5 Chemical Exchange Saturation Transfer (CEST)
The CEST method is based on the magnetic transfer effects of specific protons in metabolites (and exogenous contrast agents) that are in chemical exchange with the solvent. The method for detecting CEST contrast is similar to the magnetization transfer (MT) contrast, i.e., the intensity change of the water signal is monitored in the presence of off-resonance saturation. A CEST effect is observed when the off-resonance frequency matches the MR frequency of a metabolite proton which is exchanging with the water protons at an appropriate rate.

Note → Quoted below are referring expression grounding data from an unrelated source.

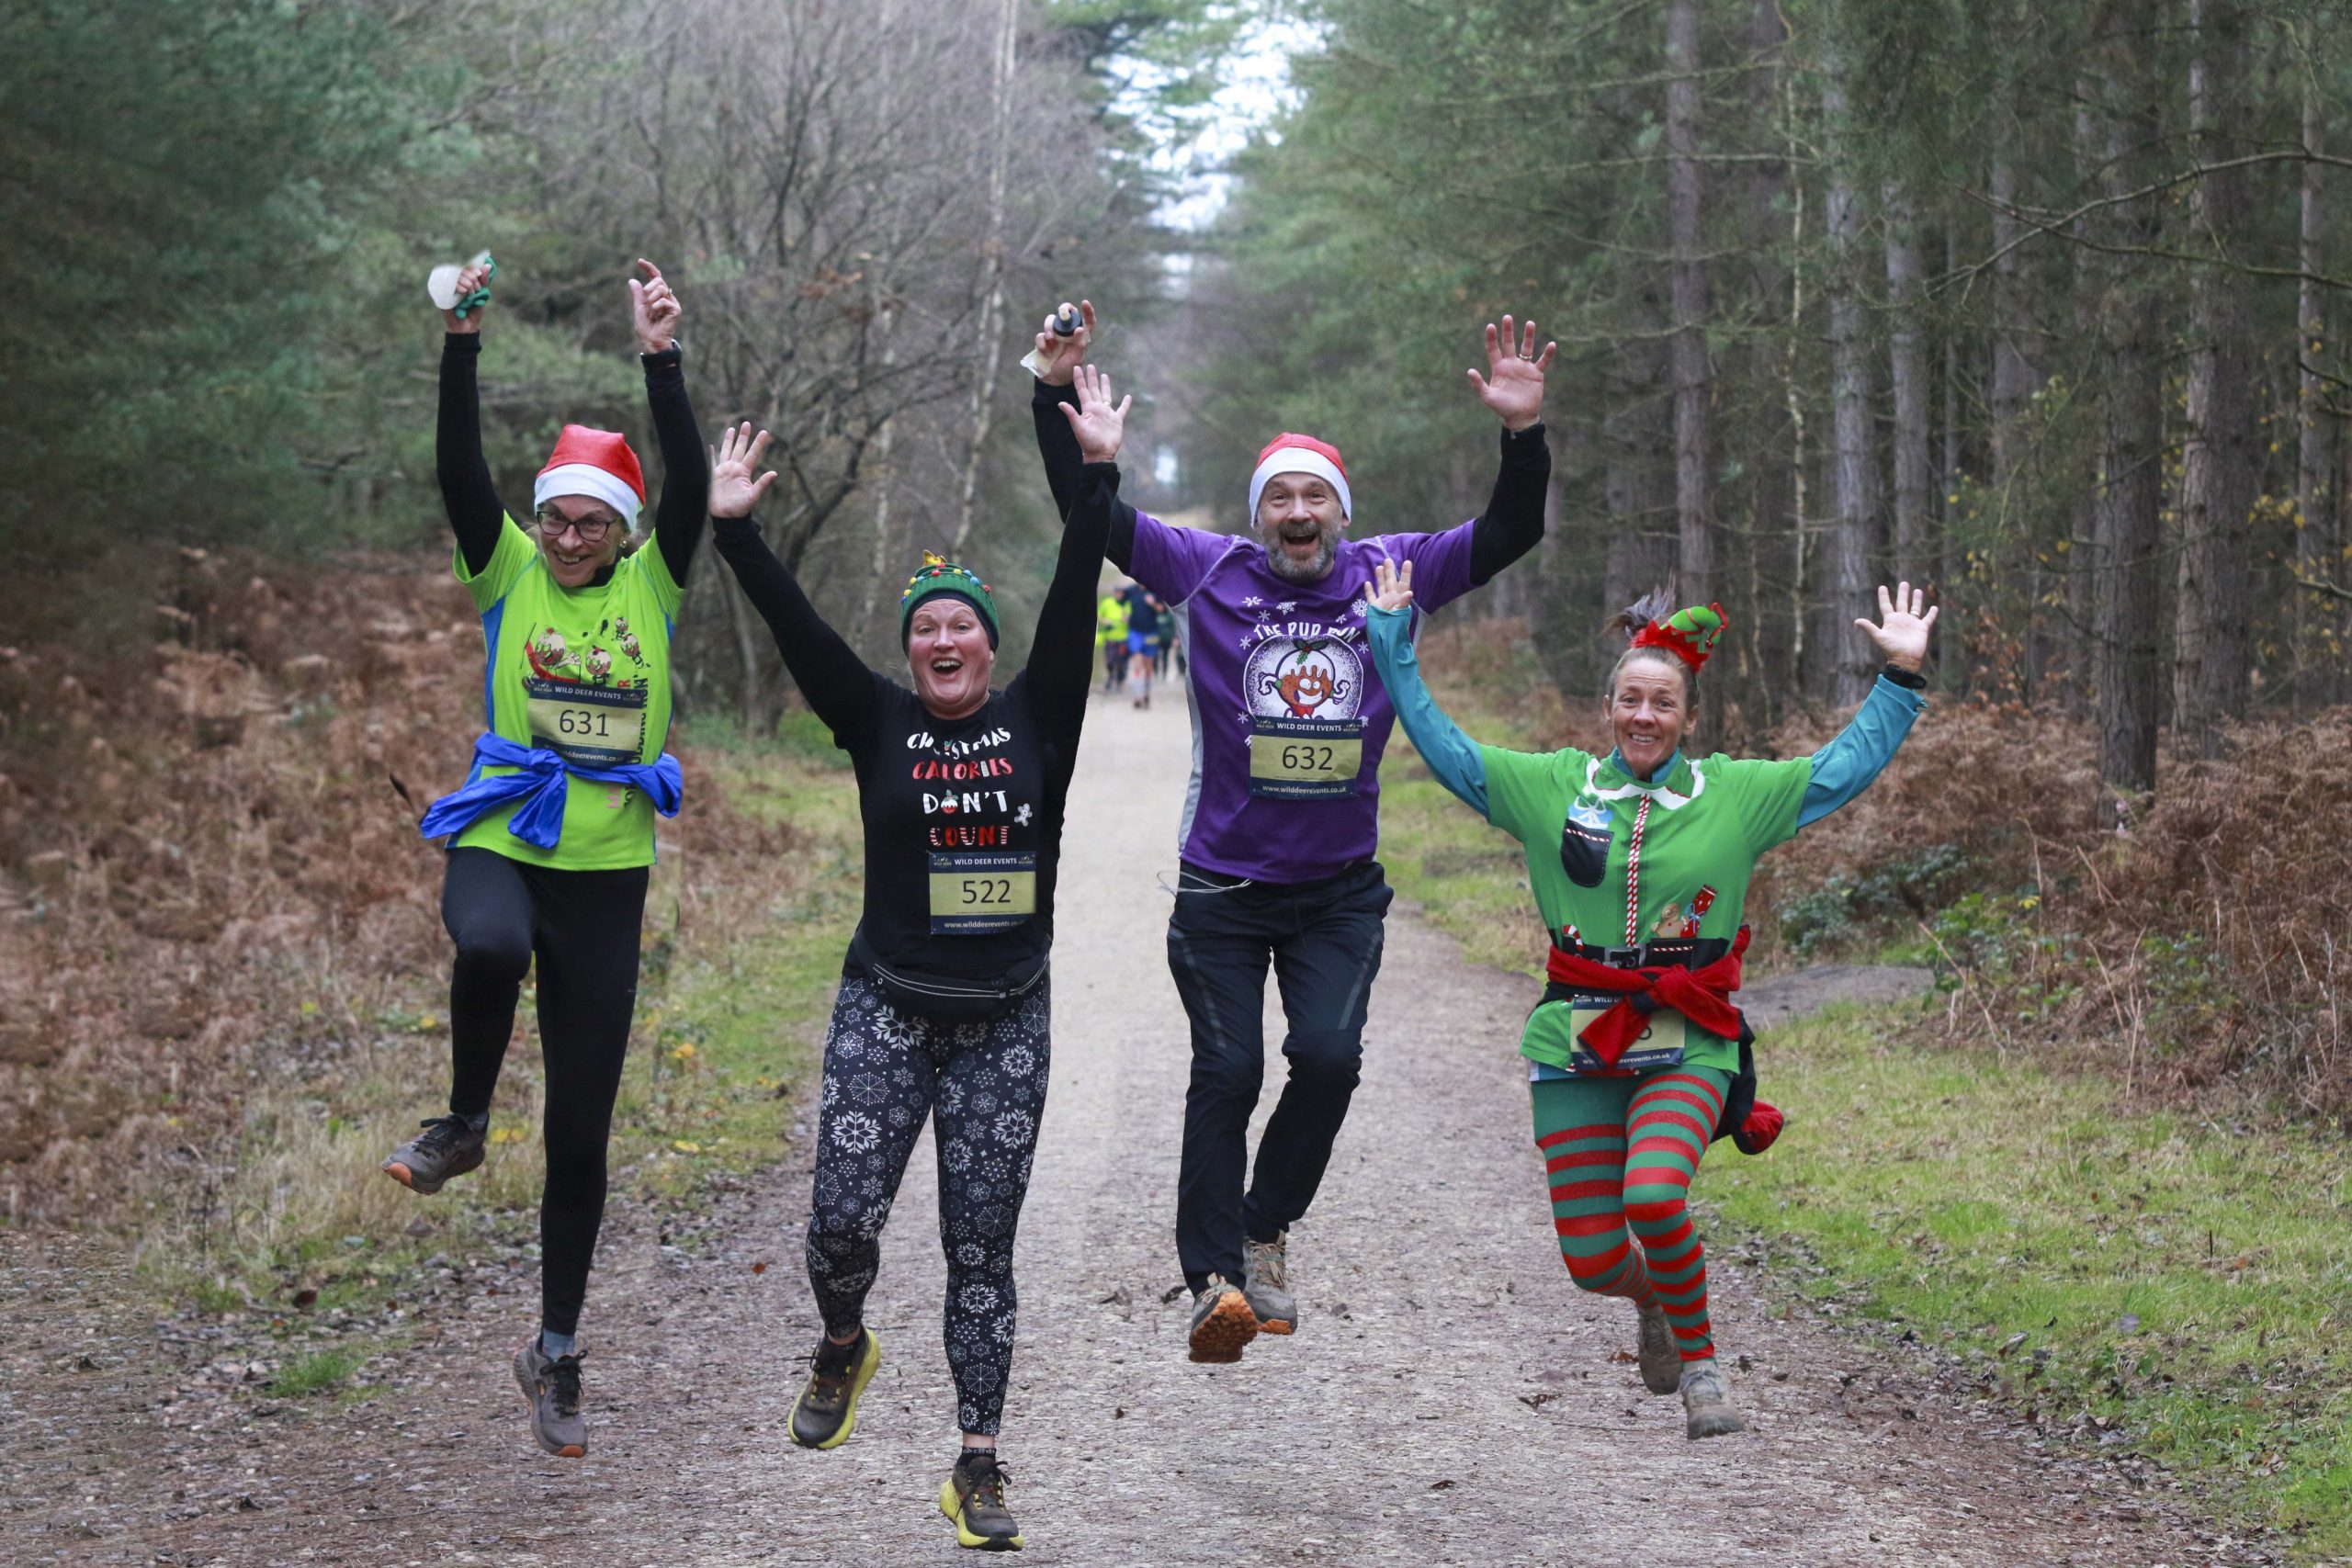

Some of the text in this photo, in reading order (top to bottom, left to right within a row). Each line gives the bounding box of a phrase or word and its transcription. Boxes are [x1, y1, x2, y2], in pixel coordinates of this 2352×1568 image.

[1254, 624, 1283, 640] THE
[1287, 622, 1322, 637] PUD
[574, 688, 594, 696] DEER
[594, 690, 621, 699] EVENTS
[560, 709, 610, 737] 631
[912, 757, 1014, 780] CALORIES
[1282, 745, 1333, 771] 632
[1262, 784, 1347, 795] www.wilddeerevents.co.uk
[930, 825, 1009, 846] COUNT
[962, 879, 1012, 904] 522
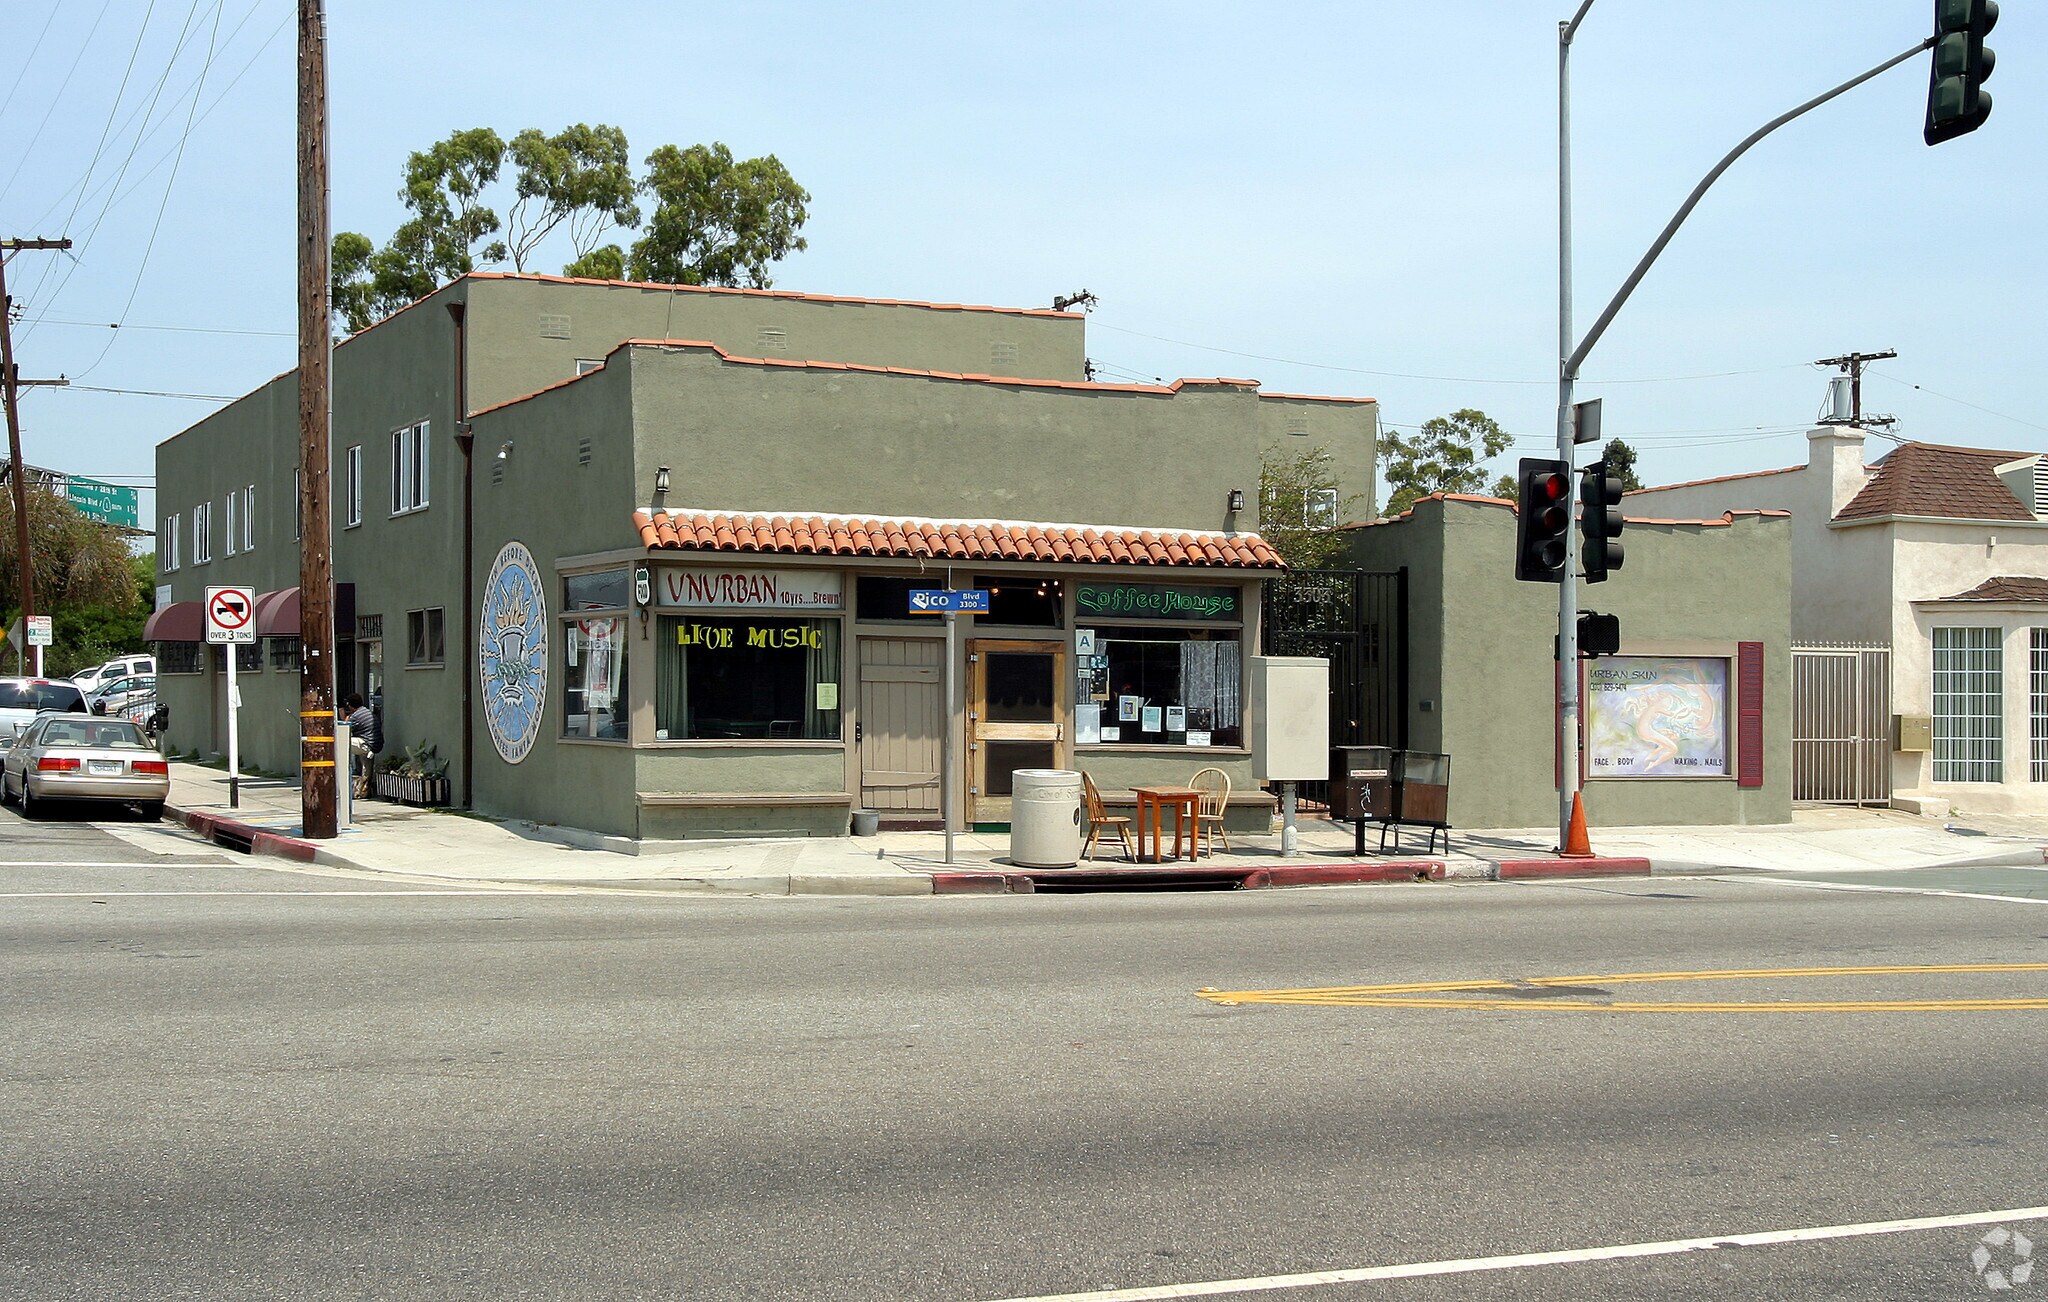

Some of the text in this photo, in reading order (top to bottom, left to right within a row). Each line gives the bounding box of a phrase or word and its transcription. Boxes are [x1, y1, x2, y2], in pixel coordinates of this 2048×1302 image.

[87, 497, 98, 507] Blvd
[668, 573, 777, 603] UNURBAN
[1076, 588, 1234, 616] Coffee House
[228, 630, 234, 640] 3
[677, 624, 823, 650] LIVE MUSIC
[1079, 635, 1090, 647] A
[1590, 669, 1657, 681] URBAN SKIN
[1594, 757, 1634, 766] FACE BODY
[1704, 758, 1723, 767] NAILS
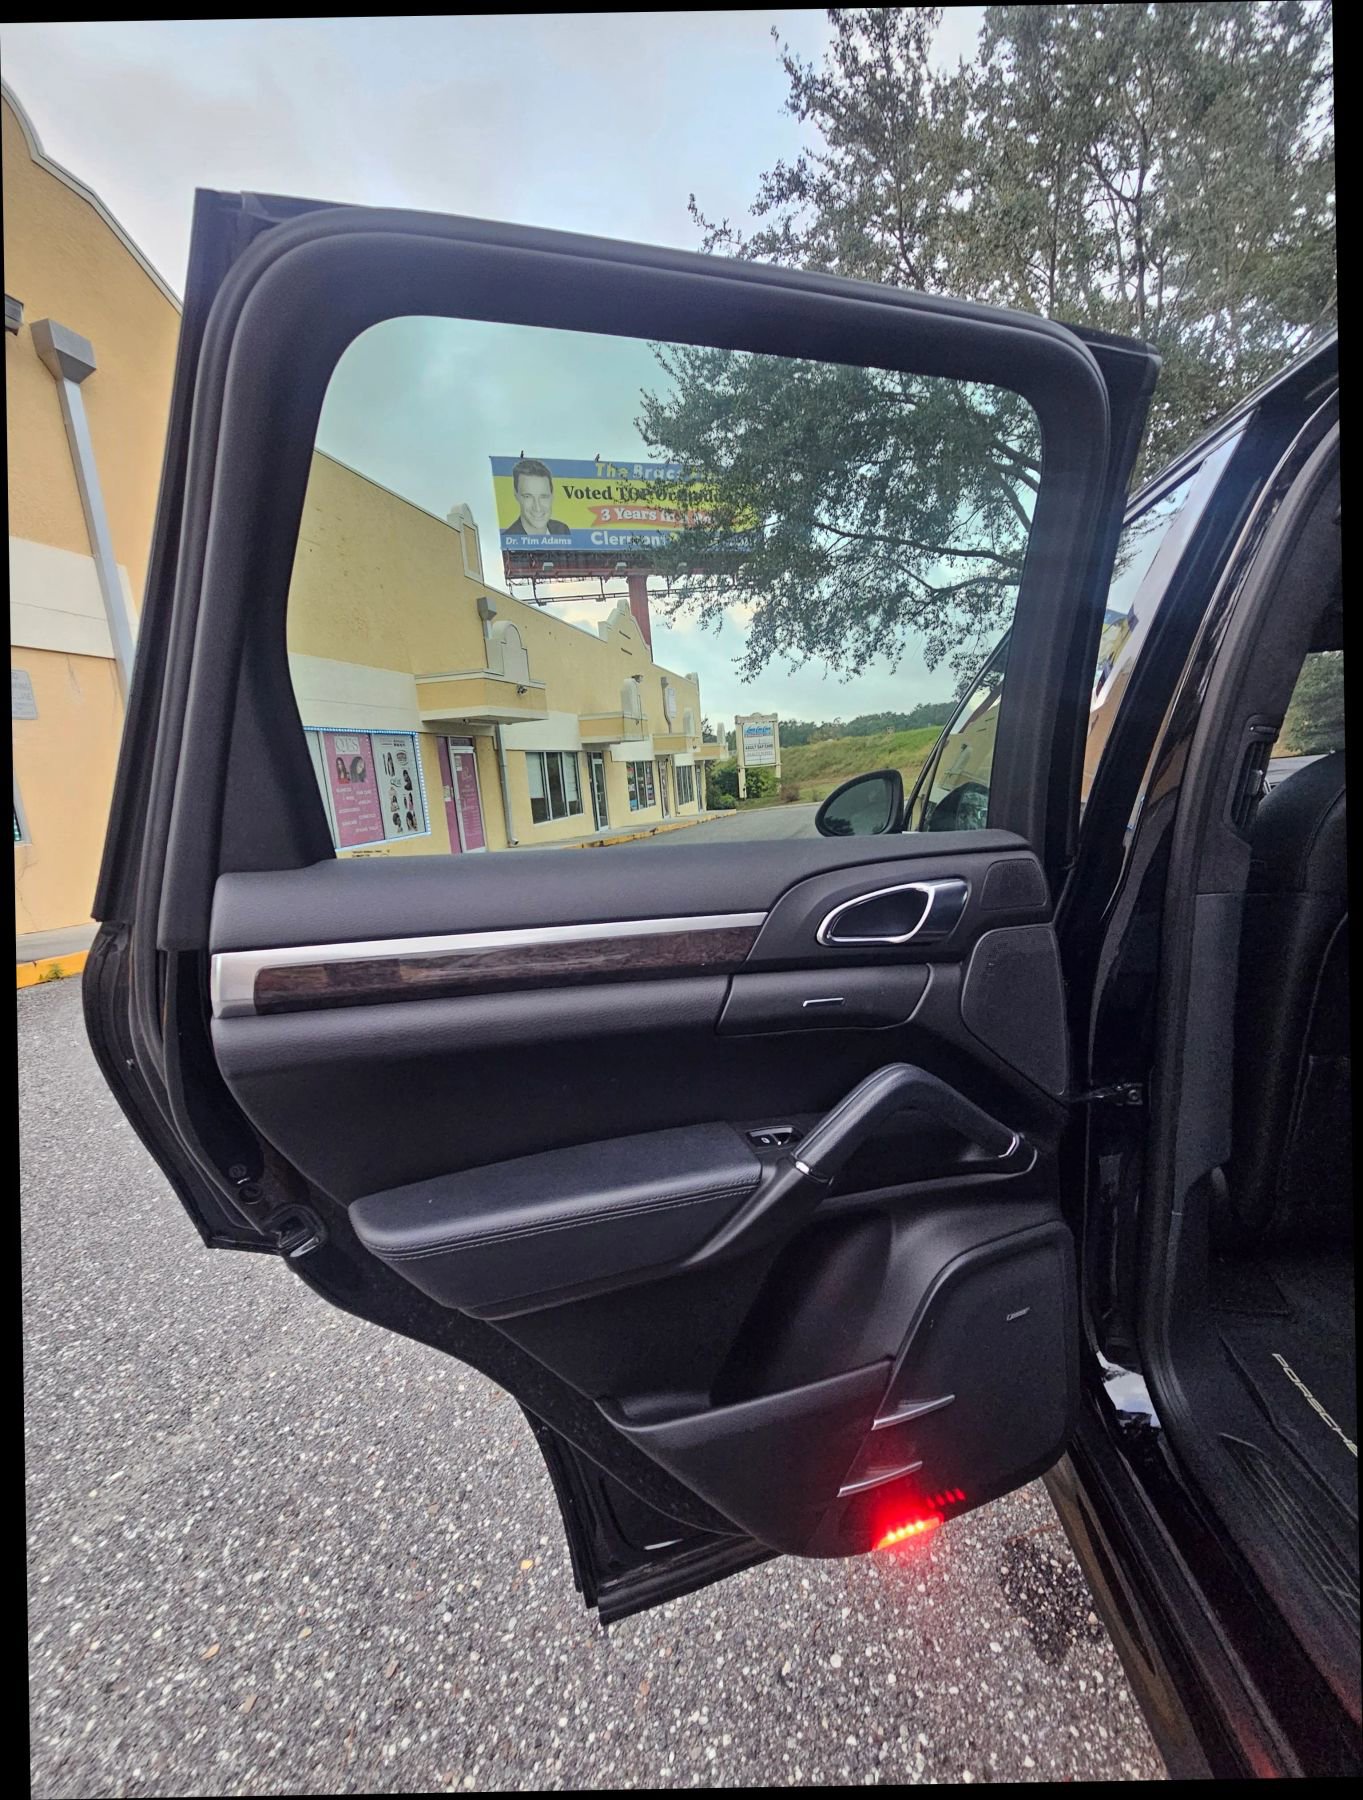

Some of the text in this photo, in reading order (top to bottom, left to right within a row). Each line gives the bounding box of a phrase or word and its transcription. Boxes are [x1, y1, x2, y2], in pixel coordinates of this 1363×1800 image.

By varying the frequency, power, and timing of the saturation pulses, CEST contrast can be tuned to signals from endogenous mobile proteins and peptides (amide proton transfer, APT) (Zhou et al. 2003a, b) to amino protons of glutamate (gluCEST) (Cai et al. 2012) or to hydroxyl protons like those from glucose (glucoCEST) (Chan et al. 2012; Nasrallah et al. 2013). Since the basic principle of the contrast relies on proton exchange with the solvent and therefore depends on the concentration of solvent protons, the method allows to measure tissue pH (Zhou et al. 2003b).
6 Cest Method
There are several articles which review the basic principles of CEST (Sherry and Woods 2008; van Zijl and Yadav 2011; van Zijl et al. 2003). Briefly, the method exploits the magnetization transfer (MT) effect which is well known from MT-MRI (Tofts 2003). In MTR contrast is generated by selectively irradiating off-resonance from the water signal, modifying the magnetization of macromolecules which are in contact with the water. By several mechanisms, this magnetization is transferred to the water protons detected with conventional MRI, causing a partial saturation and consequently a signal modification. The efficiency of the magnetization transfer is typically changed in several pathological situations providing a surrogate marker for affected tissues (Tofts 2003). Like in MTR, CEST-MRI monitors the effect (signal reduction) of an off-resonance irradiation on the water signal; however, the target molecules for irradiation are rather small (amino acids, peptides, glucose, exogenous agents with specific properties) and have a well-defined typical resonance frequency which is known from MR spectroscopy (see Chap. MR Spectroscopic Imaging). Some of the protons in these molecules are exchanged with the solvent (water). Selective saturation of these protons will transfer their magnetization to the MRI-detectable water signal, enabling the quantification of the exchange partner by measuring the signal changes of the solvent.